1985 was the year that I first heard of Arai helmets: I had been riding for a year or so, wearing a cheap £20 polycarbonate Nolan N24 whilst zinging around on my knackered old RD50M when my sister’s boyfriend turned up wearing an Arai Supervent Freddie Spencer Replica. Fast Freddie was on his way to winning both the 250 and 500 Championships and he was my idol. To see the replica helmet in the flesh was, to 17 year old me, just as good as seeing man in person. I wanted that helmet but it was way out of my price range.
Roll forward 25 years (gulp!) to 2010 and I am purchasing an Arai Chaser Legend with the sublime Phil Read graphics. I had been looking to buy this helmet for a while as I think the black and white design makes it one of the most classy looking full-face helmets on the market. I was always told that you either had an Arai or a Shoei head and since I had previously owned four Shoeis, I was a little cautious so I kept returning to the shop to try the lid on.
Straight away the helmet felt comfortable: yes, it was different from a Shoei but just as comfortable if a little noisier. The shell was light and the internal padding cosseted my bonce giving me the reassurance that I had made the correct choice. On the first ride, however, I didn’t realise that I needed to slide the little clip on the visor in order to lock it in position; this resulted in the visor unexpectedly flipping up as soon as I looked over my shoulder! My previous Shoei helmets had a ratchet visor system giving you the option of several openings and a secure closing of the shield. Once I found out that the Chaser’s visor needed locking, it became second nature. The catch is held on by a little screw which came loose after a while so I had to replace the catch and screw in order to keep the visor down.
Visor changing was also a different experience: Shoei employs a couple of levers that pull down a catch at each hinge so that the visor pops straight off. With the Arai, you need to open the visor fully, then two levers appear from inside the hinge covers: when you pull these, the visor can be removed but is makes a terrible noise which made me think that I was breaking some plastic components within the mechanism. Refitting is rather awkward, as you have to slide the visor in between the hinge covers and push really hard until it clicks into place. All of this was rather worrying when you’ve just shelled out around £300 for the lid! Once you get used to this system, it becomes easier, however, I did manage to break both hinge mechanisms on two separate occasions, showing just how delicate the set-up can be.
One of my biggest issues with the Arai Chaser was the fact that the lining in the chin guard was so prone to falling apart. Like most people, I carry my helmet by the chin guard: I had done this for 6 years with my previous Shoei XR1000 with no problems at all. I took the helmet in to my local dealer (not the shop that sold me the lid) and they sent it off to Arai to have the padding repaired. When it came back, I was told that I was carrying the helmet incorrectly and this is what caused the damage: I mentioned that this is how I had always carried helmets and this was the first to suffer from this fault. A year later and I had to return the helmet for a second time to have the same repair.
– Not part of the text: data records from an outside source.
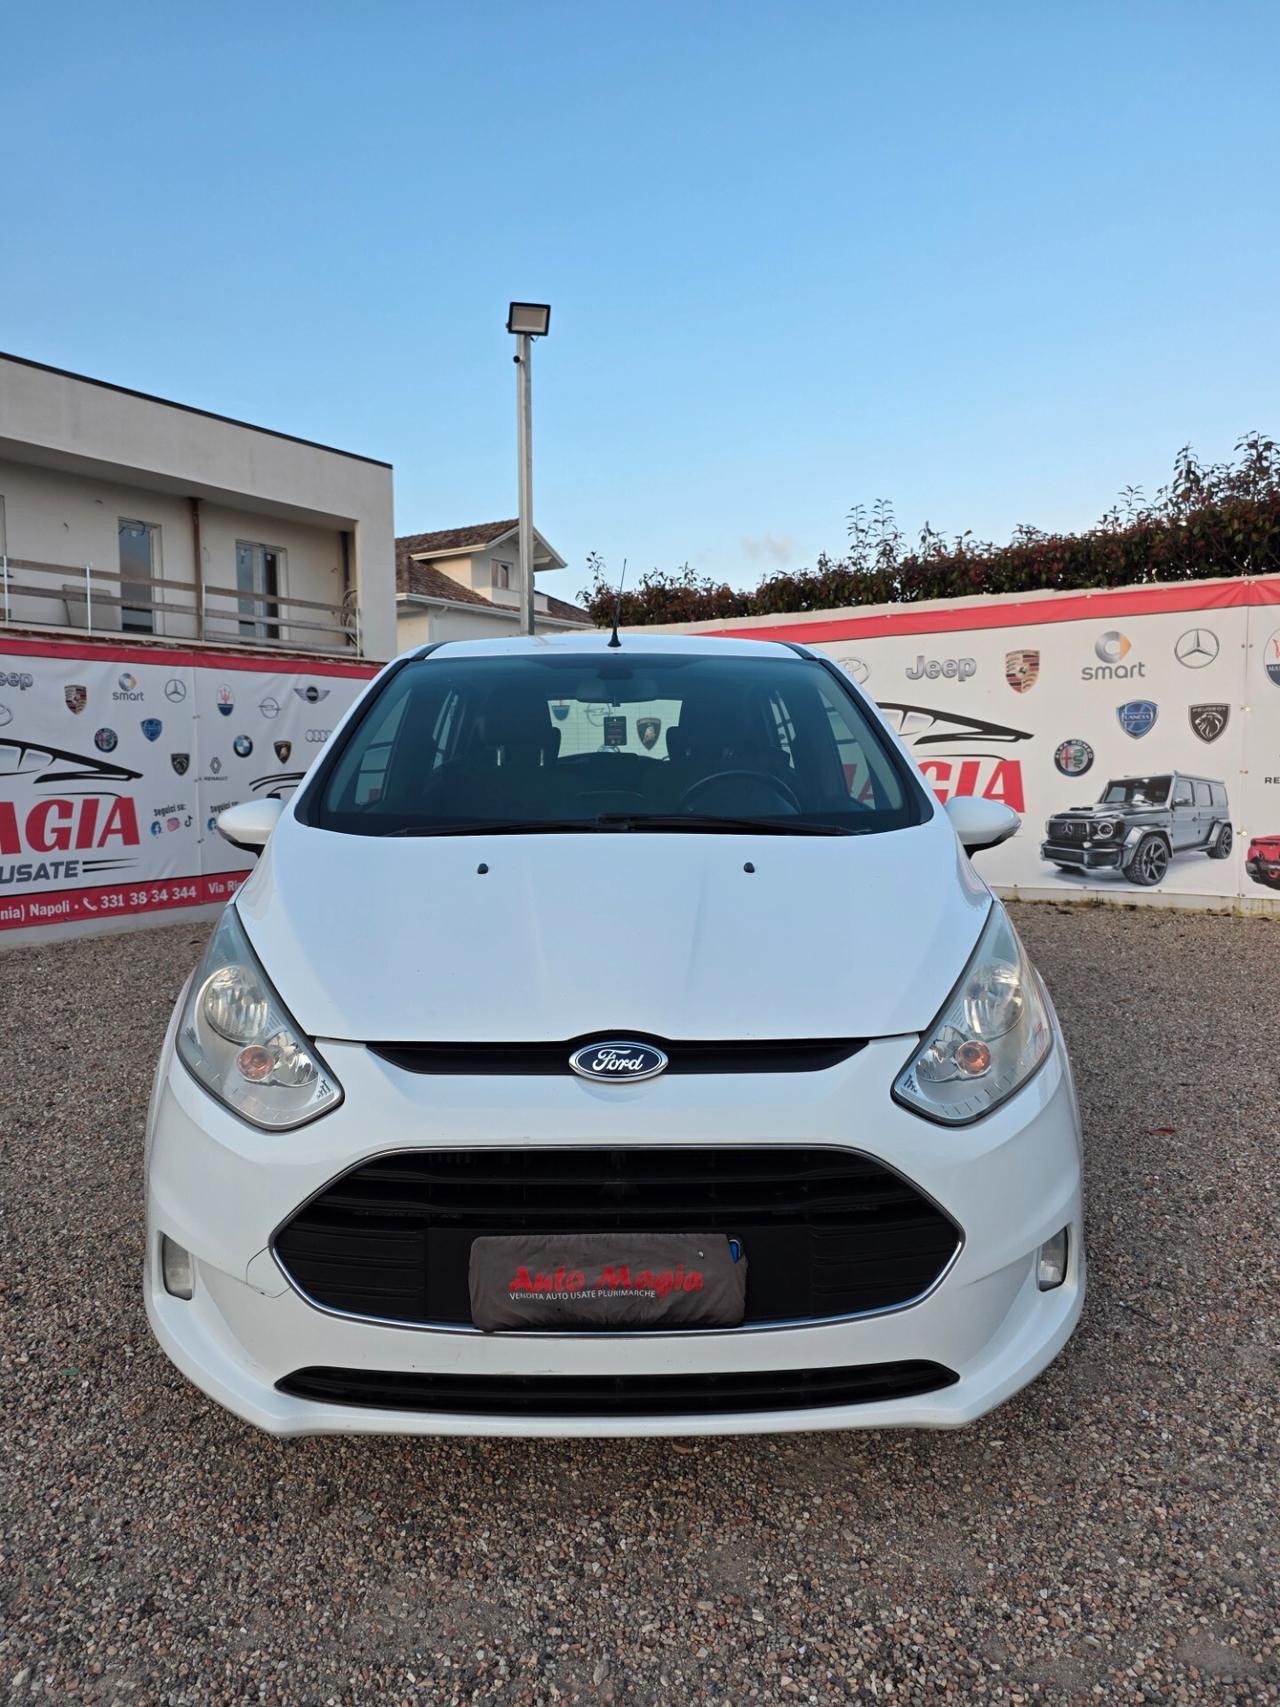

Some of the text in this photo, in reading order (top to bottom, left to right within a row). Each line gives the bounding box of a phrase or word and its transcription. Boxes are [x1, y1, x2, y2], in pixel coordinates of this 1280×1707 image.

[905, 656, 977, 682] Jeep
[1081, 661, 1146, 681] smart
[112, 691, 144, 701] smart
[0, 860, 79, 884] USATE
[208, 879, 242, 895] Via Ri
[29, 900, 70, 917] Napoli
[100, 893, 125, 909] 331
[129, 891, 148, 905] 38
[151, 888, 169, 903] 34
[172, 885, 198, 900] 344
[592, 1048, 644, 1072] Ford
[508, 1264, 704, 1297] Auto Magia
[509, 1289, 656, 1301] VENDITA AUTO USATE PLURIMARCHE
Ventilation is very good on the Chaser with a chin vent, two more in the visor and a fourth on the top all of which can be opened when required. Exhausts are located to the rear of the shell and at the nape of the neck. The vents are so good that my head was sometimes too cold; such is the perfectly designed route that the air takes through the shell. The vent in the chin guard became loose after some use but was also repaired on the second return to the factory.
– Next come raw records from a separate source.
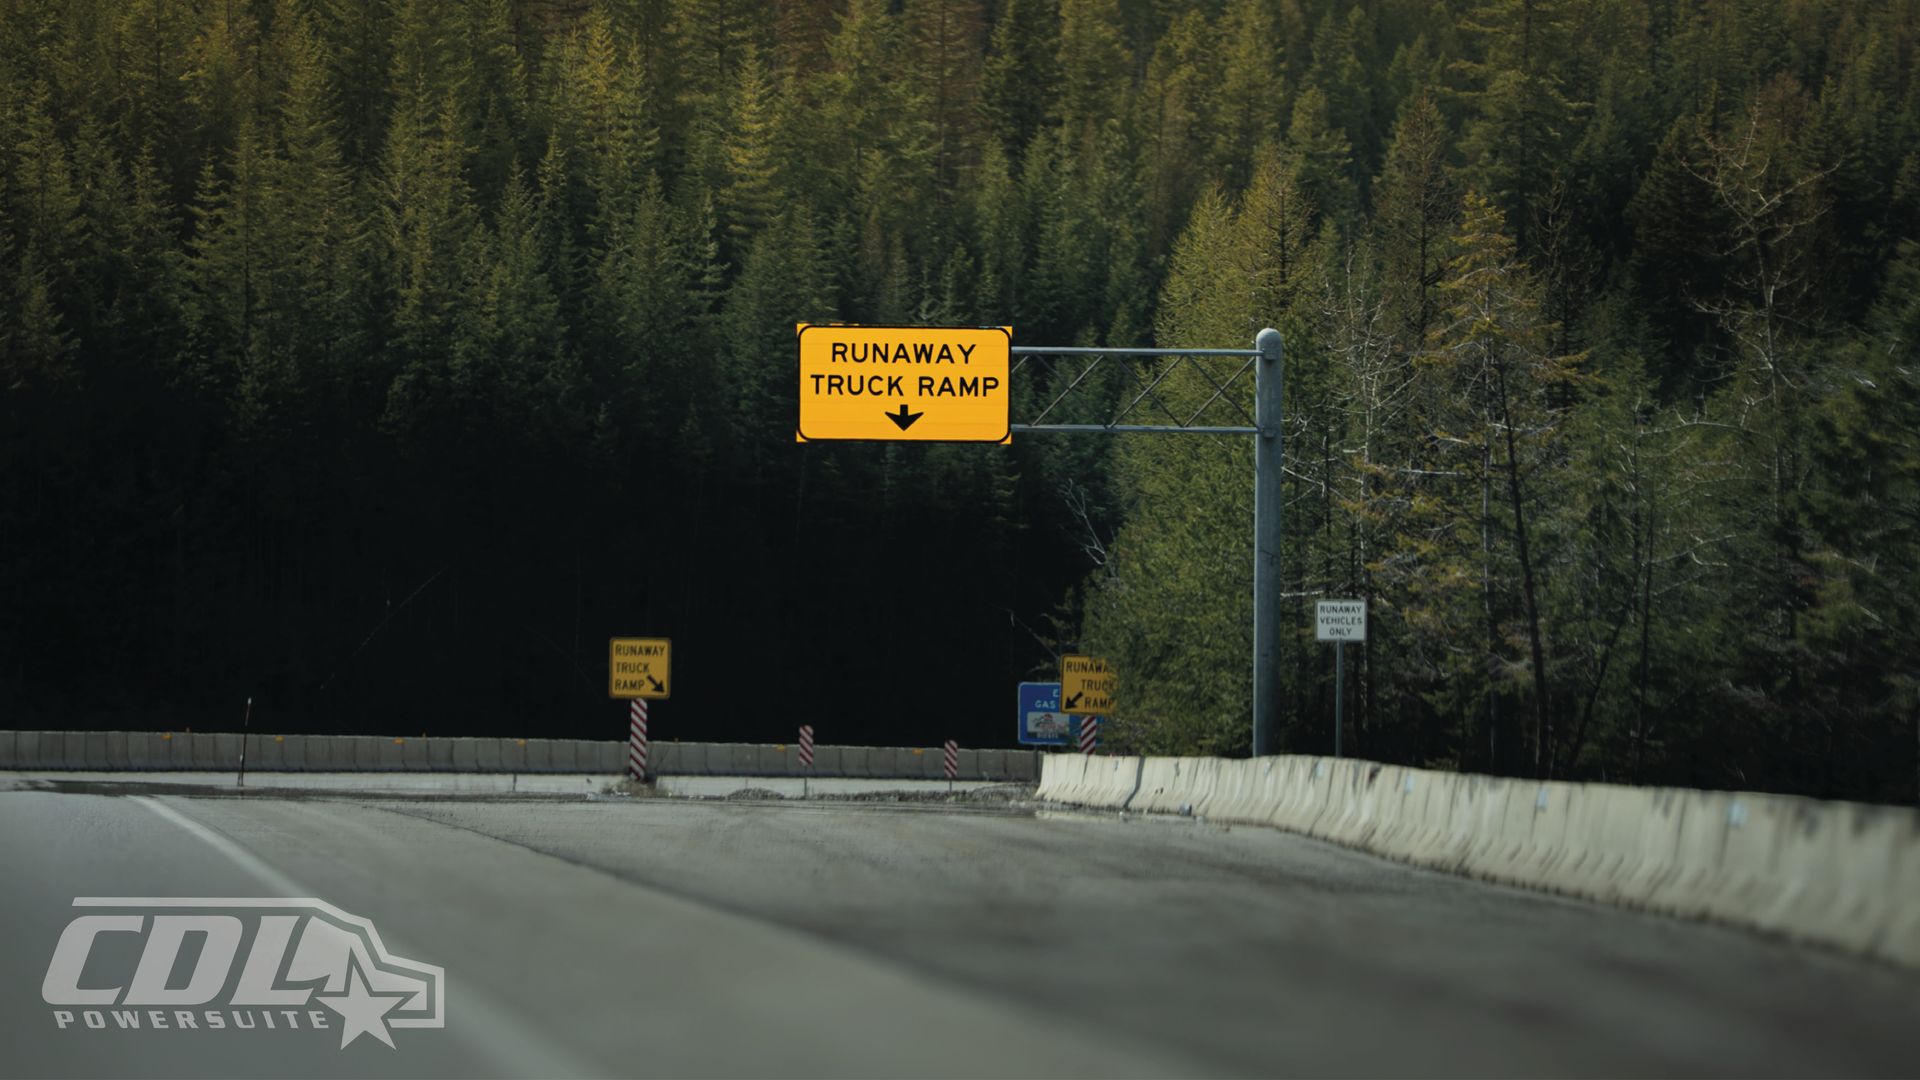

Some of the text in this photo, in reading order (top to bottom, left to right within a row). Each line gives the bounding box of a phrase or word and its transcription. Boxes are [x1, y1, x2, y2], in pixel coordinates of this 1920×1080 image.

[831, 342, 977, 365] RUNAWAY
[810, 374, 1000, 398] TRUCK RAMP
[1319, 605, 1362, 614] RUNAWAY
[1319, 617, 1363, 626] VEHICLES
[1329, 628, 1352, 637] ONLY
[615, 644, 666, 656] RUNAWAY
[616, 662, 650, 674] TRUCK
[1066, 661, 1109, 673] RUNAWA
[615, 679, 645, 691] RAMP
[1034, 700, 1056, 709] GAS
As with most top-line helmets, the Chaser has a fully removable lining allowing for easy maintenance and, if you should need them, replaceable components to ensure a comfortable fit throughout the lid’s lifetime.
These days, the Arai Chaser is a mid-priced helmet from one of the most respected manufacturers. Unfortunately, my experience was one of frustration. Although the helmet was always comfortable and Arai did repair the chin guard lining twice, I felt that, compared to the Shoei helmets that I had previously owned, the Arai was just too delicate for everyday use – or maybe I’m just too ham-fisted! Luckily, my nearest Arai supplier was only a mile from where I lived, so getting the helmet repaired wasn’t too much of a hassle, just an inconvenience. When I’m spending several hundred of my hard earned pounds, I expect the product to work at all times without having to be handled with kid gloves.